#### Text-to-region grounding data
----

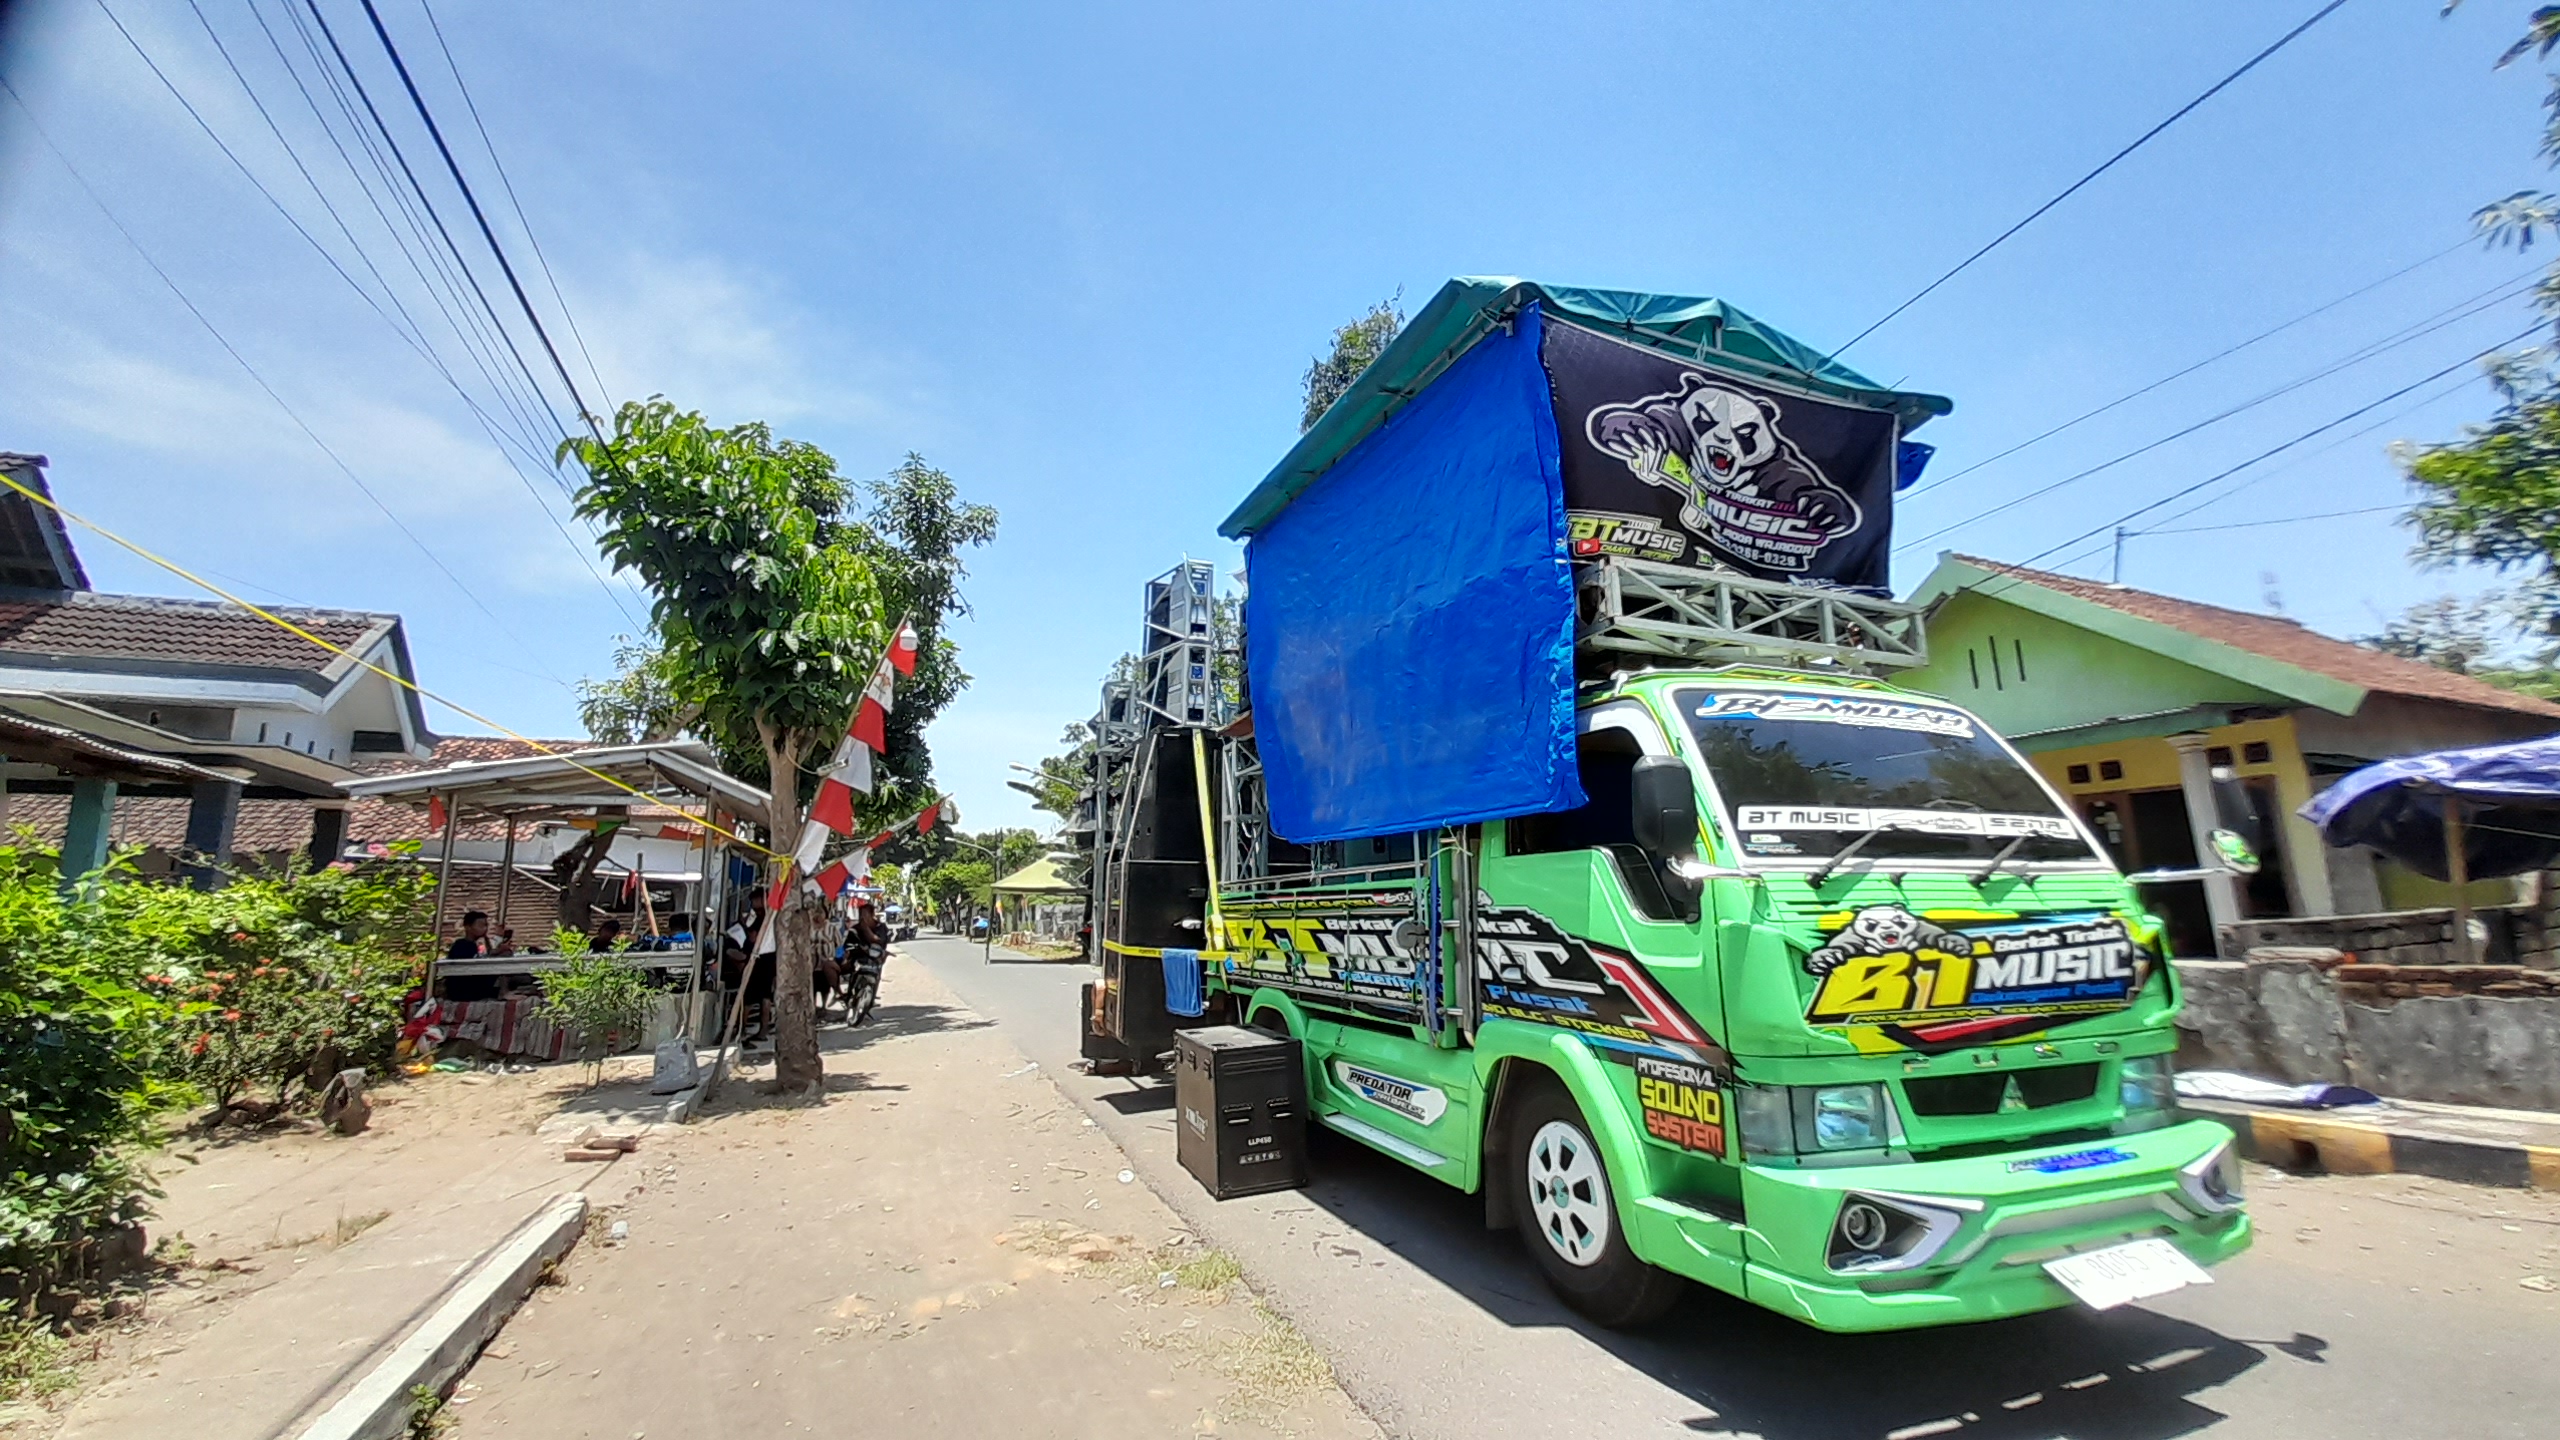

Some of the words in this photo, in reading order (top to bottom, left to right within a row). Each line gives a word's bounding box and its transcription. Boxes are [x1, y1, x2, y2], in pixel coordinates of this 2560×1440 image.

[1706, 497, 1822, 541] MUSIC
[1610, 527, 1683, 553] MUSIC
[1748, 811, 1782, 824] BT
[1790, 811, 1860, 825] MUSIC
[1324, 918, 1395, 931] Berkat
[1975, 942, 2133, 989] MUSIC
[1485, 984, 1598, 1016] Pusat
[1552, 1014, 1653, 1042] STICKER
[1350, 1072, 1412, 1100] PREDATOR
[1641, 1076, 1720, 1124] SOUND
[1646, 1108, 1723, 1154] SYSTEM
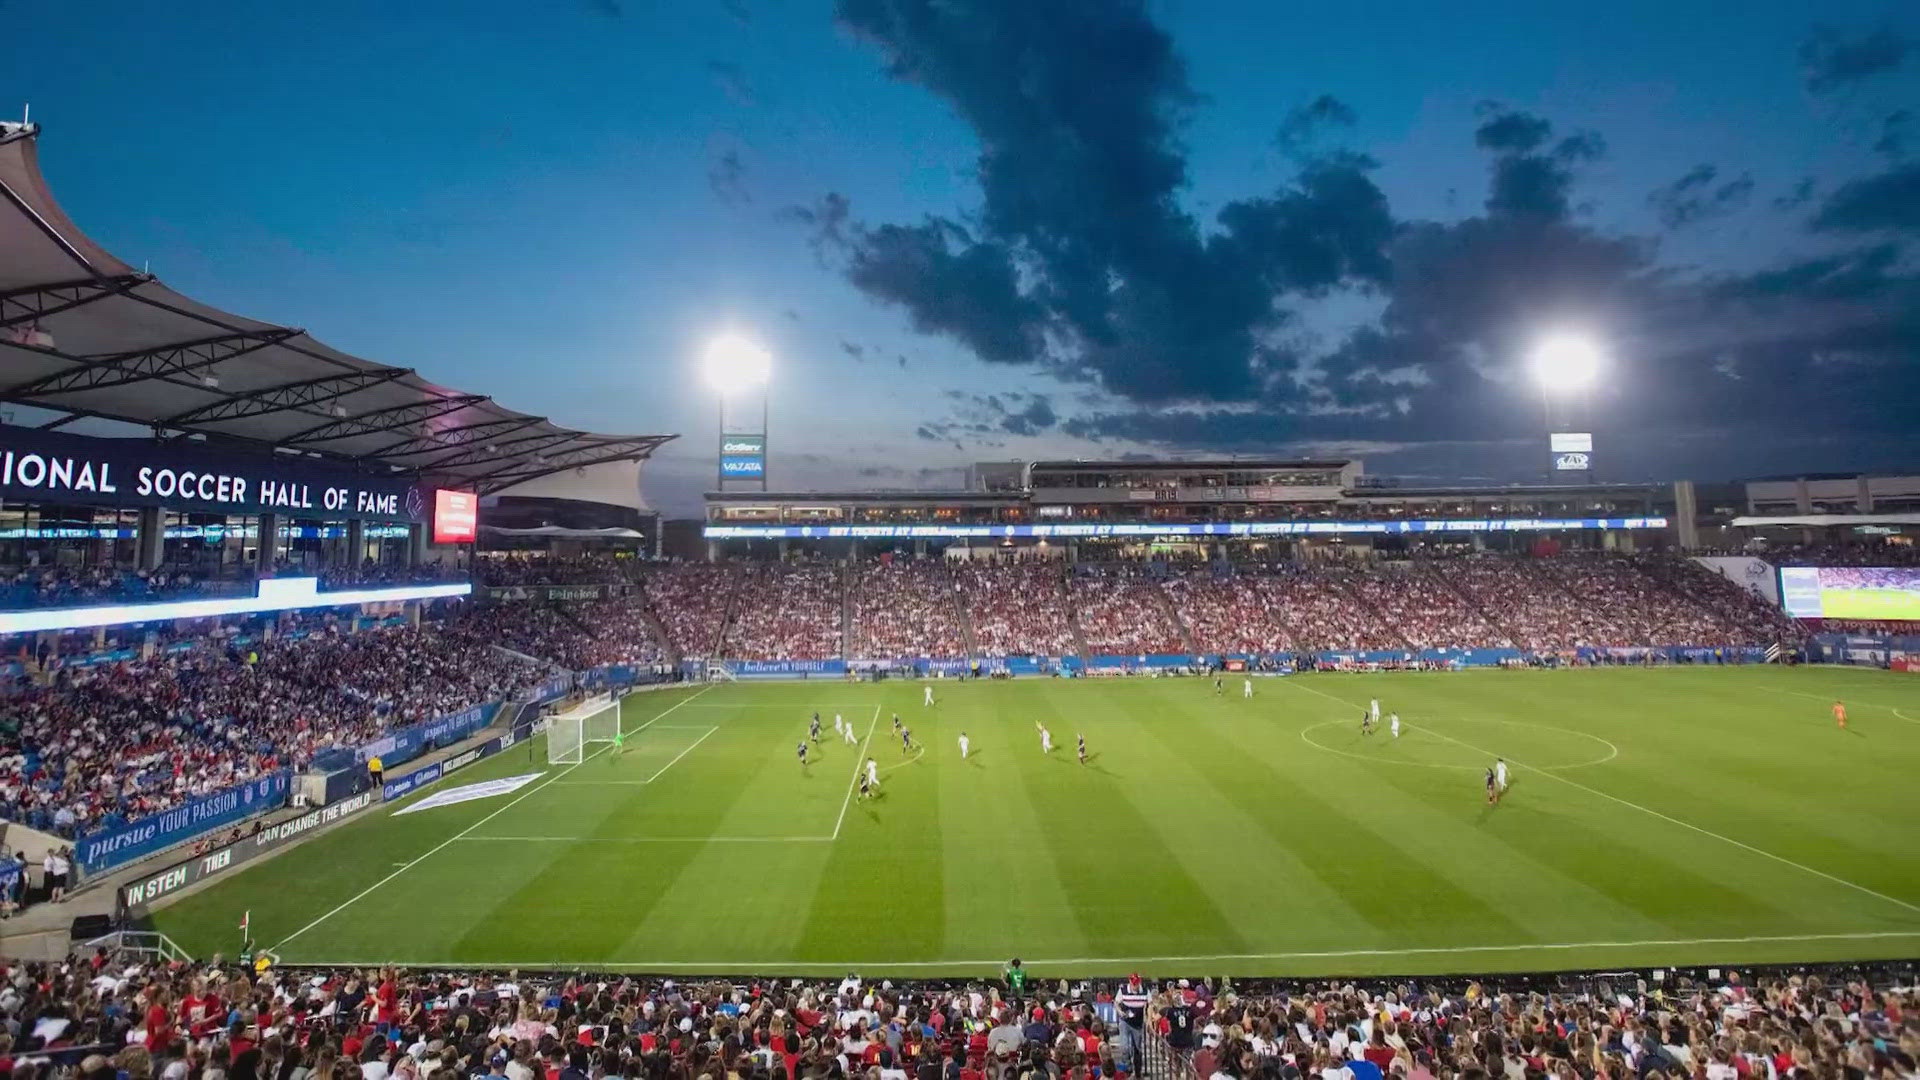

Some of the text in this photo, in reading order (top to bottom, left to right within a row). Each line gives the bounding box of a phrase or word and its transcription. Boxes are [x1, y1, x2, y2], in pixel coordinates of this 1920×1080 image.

[0, 450, 398, 514] IONAL SOCCER HALL OF FAME
[723, 462, 762, 471] VAZATA
[1845, 621, 1887, 630] TOYOTA
[87, 791, 237, 864] pursue YOUR PASSION
[127, 883, 144, 907] IN
[146, 865, 187, 899] STEM
[256, 826, 279, 847] CAN
[280, 809, 321, 839] CHANGE
[322, 803, 339, 824] THE
[340, 792, 371, 816] WORLD
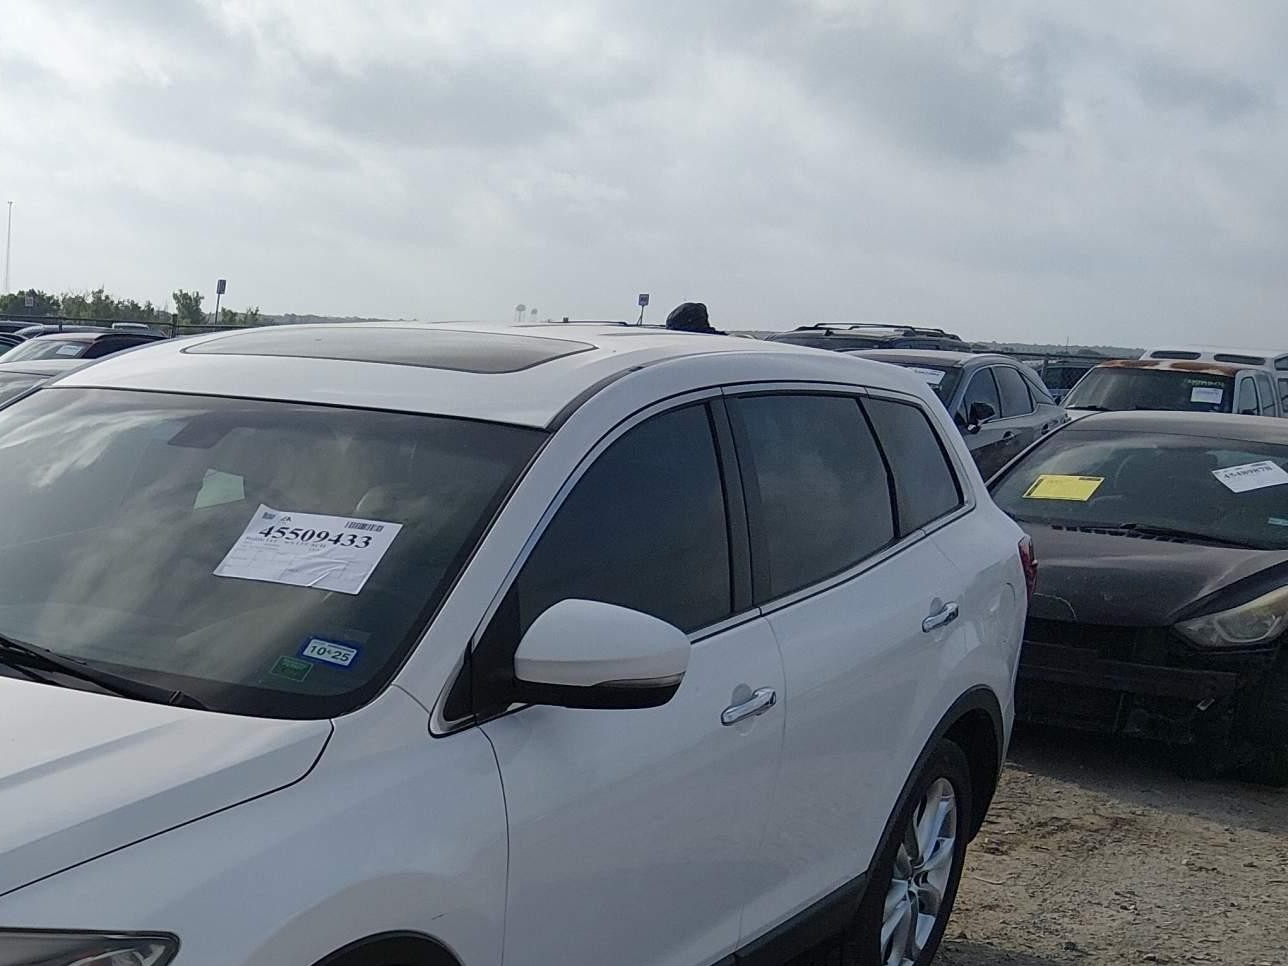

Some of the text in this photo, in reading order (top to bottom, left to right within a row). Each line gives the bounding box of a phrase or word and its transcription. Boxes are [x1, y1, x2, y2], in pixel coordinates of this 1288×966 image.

----

#### Instructions for the task
None of the pictures should be copied, but every record above must be restated in full.

#### Completed exercise
Some of the words in this photo, in reading order (top to bottom, left to right within a row). Each line gives a word's bounding box and its transcription. Boxes are [x1, y1, x2, y2], in pixel coordinates of this 2560×1440 image.

[1706, 497, 1822, 541] MUSIC
[1610, 527, 1683, 553] MUSIC
[1748, 811, 1782, 824] BT
[1790, 811, 1860, 825] MUSIC
[1324, 918, 1395, 931] Berkat
[1975, 942, 2133, 989] MUSIC
[1485, 984, 1598, 1016] Pusat
[1552, 1014, 1653, 1042] STICKER
[1350, 1072, 1412, 1100] PREDATOR
[1641, 1076, 1720, 1124] SOUND
[1646, 1108, 1723, 1154] SYSTEM

Some of the text in this photo, in reading order (top to bottom, left to right within a row). Each line gives the bounding box of a phrase or word and its transcription. Boxes are [x1, y1, x2, y2], in pixel coordinates of this 1920×1080 image.

[0, 450, 398, 514] IONAL SOCCER HALL OF FAME
[723, 462, 762, 471] VAZATA
[1845, 621, 1887, 630] TOYOTA
[87, 791, 237, 864] pursue YOUR PASSION
[127, 883, 144, 907] IN
[146, 865, 187, 899] STEM
[256, 826, 279, 847] CAN
[280, 809, 321, 839] CHANGE
[322, 803, 339, 824] THE
[340, 792, 371, 816] WORLD

Some of the text in this photo, in reading order (top to bottom, left to right within a row). Each line gives the bounding box of a phrase or word and its transcription. Boxes are [x1, y1, x2, y2], in pixel coordinates of this 1288×966 image.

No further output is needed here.